“Yes, an obvious that I sorta hate to distrust!”
“Nonsense! And you’ve disposed of Pollard anyway, haven’t you.”
“Yes, I have. Half a dozen people were in touch with him all through the time of the murder. He’s out of it.”
Prescott looked as disheartened as he felt.
“And you’ve wasted good time tracking him down, when you might have been investigating the evidence while it was fresh! I’m disappointed in you, Prescott; you oughtn’t to have fallen for a steer like that.”

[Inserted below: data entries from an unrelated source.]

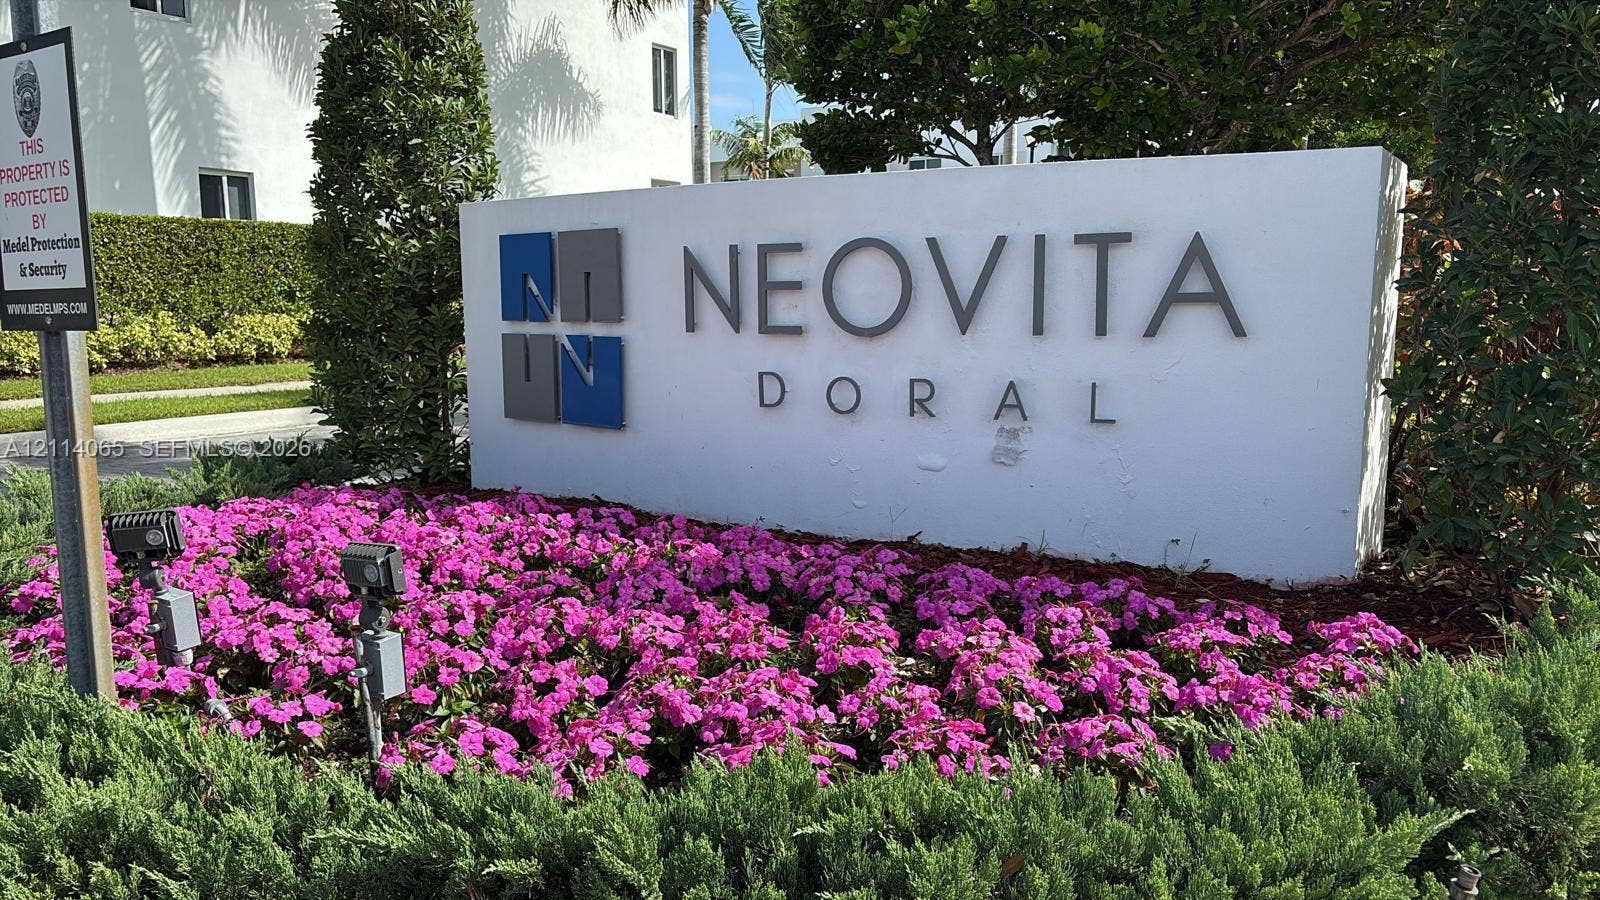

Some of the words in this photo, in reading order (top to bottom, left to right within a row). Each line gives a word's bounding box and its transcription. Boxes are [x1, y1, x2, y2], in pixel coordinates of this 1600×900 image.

[19, 138, 44, 156] THIS
[0, 161, 56, 184] PROPERTY
[59, 159, 70, 177] IS
[4, 186, 69, 208] PROTECTED
[32, 213, 47, 229] BY
[2, 236, 29, 254] Medel
[30, 233, 80, 252] Protection
[19, 262, 28, 278] &
[29, 260, 67, 280] Security
[683, 231, 1248, 338] NEOVITA
[7, 302, 88, 315] WWW.MEDELMPS.COM
[757, 371, 1117, 425] DORAL

Belknap was the Assistant District Attorney, and the Gleason case seemed to him important and absorbing. In his office the morning after the murder, he was getting all the information Prescott could give him, and he was really disgusted with the detective for having followed up the wild goose chase of Manning Pollard’s impulsive speech about the Western millionaire.
Belknap was an earnest, honest investigator, not so much brilliant by deduction as clear-sighted, hard-headed and practical.
He distrusted the obvious, not so much because of the hackneyed aphorism as because his own experience had proved to him that nine times out of ten, or oftener, the obvious was wrong. It must be looked into, of course, but not to the exclusion of other evidence or the neglect of other lines of investigation. And now, he felt, the trail had cooled somewhat, and valuable clews might be lost because of Prescott’s conviction of Pollard’s guilt.
Belknap was of a higher mentality than Pollard, and he also was a man of more education and refinement. He was especially interested on this case, for the Lindsays were an exclusive family and kept themselves out of the limelight of publicity.
But there were rumors that the lovely daughter was a harum-scarum, that the son of the house was addicted to bright lights and high stakes, and that the still young stepmother was quite as fond of social life as her two charges.